REQUIRED ACTION
Go through the listing that follows and write it out exactly. Drop the pictures.
================================
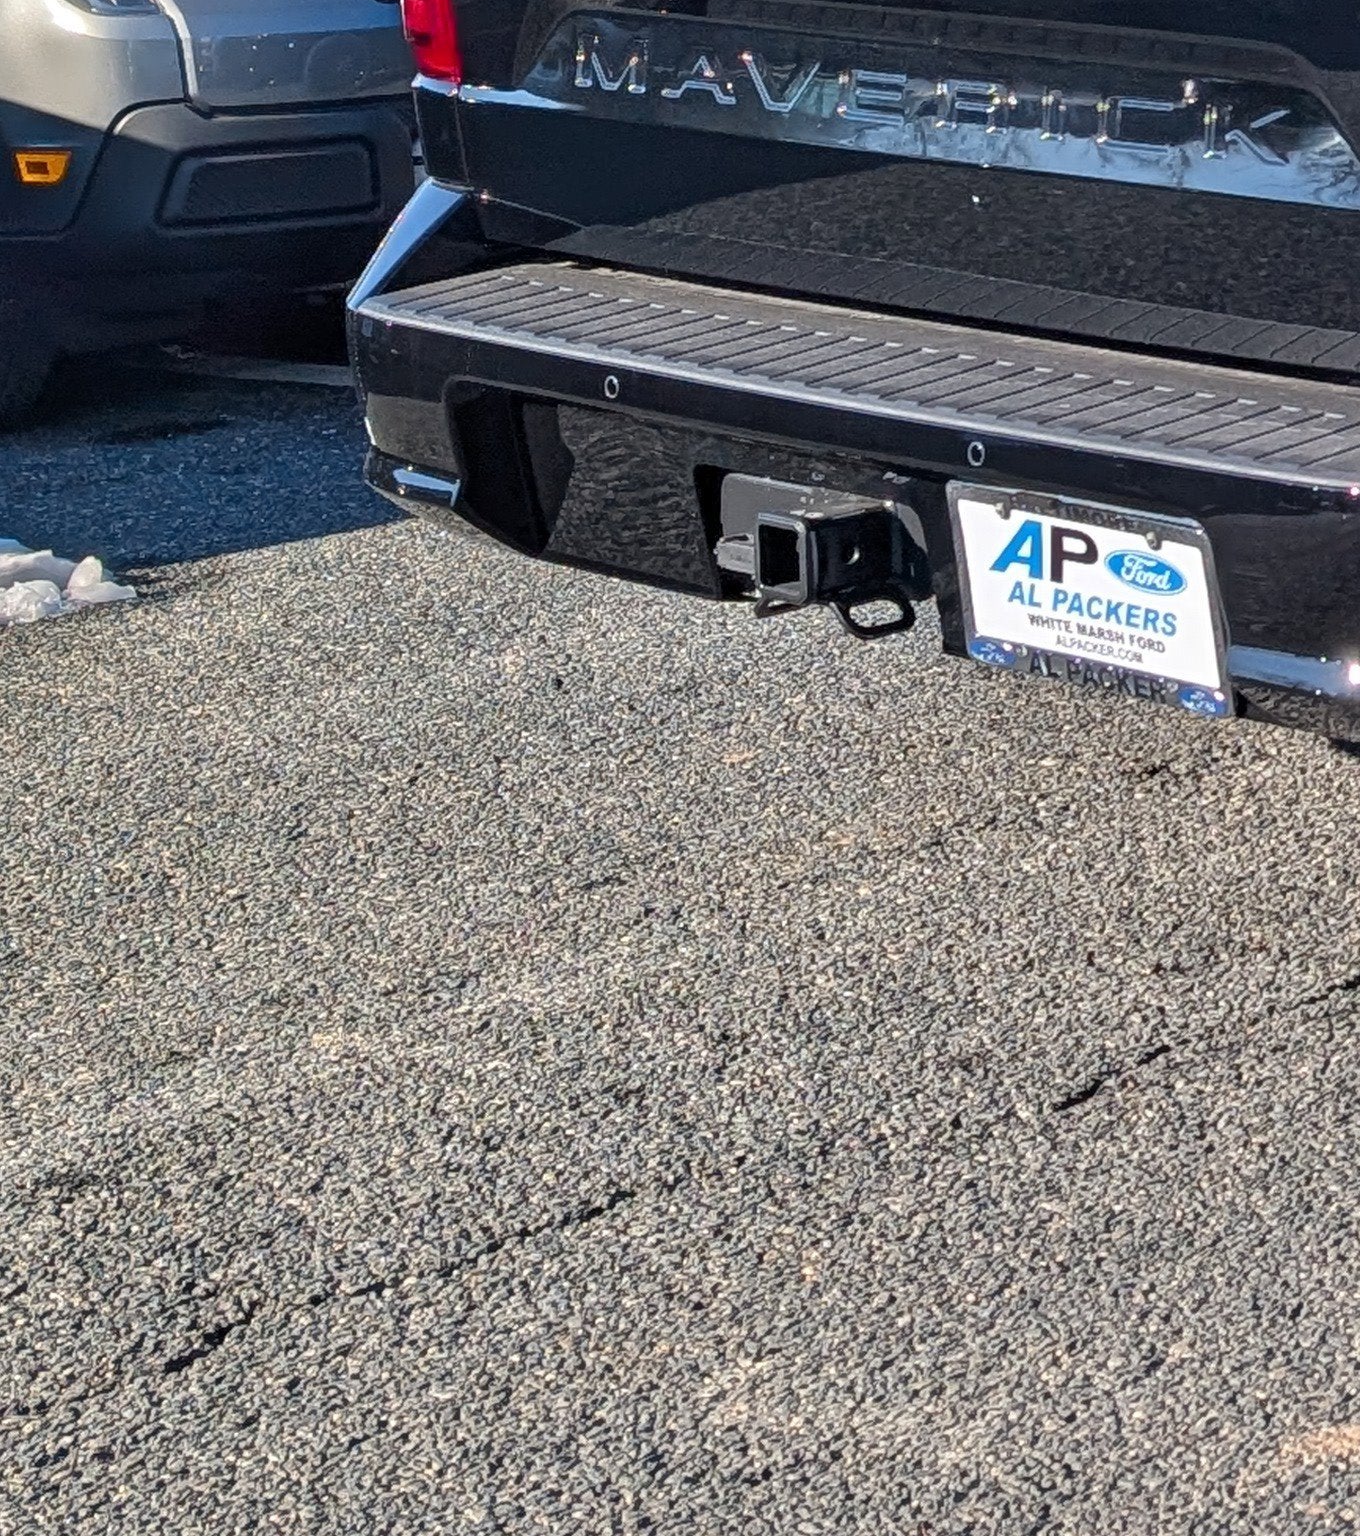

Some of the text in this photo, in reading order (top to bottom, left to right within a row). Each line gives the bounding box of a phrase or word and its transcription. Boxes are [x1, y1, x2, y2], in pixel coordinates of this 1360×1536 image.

[574, 31, 1292, 166] MAVERICK
[989, 519, 1099, 584] AP
[1120, 553, 1172, 591] Ford
[1008, 580, 1178, 637] AL PACKERS
[1027, 613, 1166, 653] WHITE MARSH FORD
================================
ANSWER BELOW
Some of the text in this photo, in reading order (top to bottom, left to right within a row). Each line gives the bounding box of a phrase or word and its transcription. Boxes are [x1, y1, x2, y2], in pixel coordinates of this 1360×1536 image.

[574, 31, 1292, 166] MAVERICK
[989, 519, 1099, 584] AP
[1120, 553, 1172, 591] Ford
[1008, 580, 1178, 637] AL PACKERS
[1027, 613, 1166, 653] WHITE MARSH FORD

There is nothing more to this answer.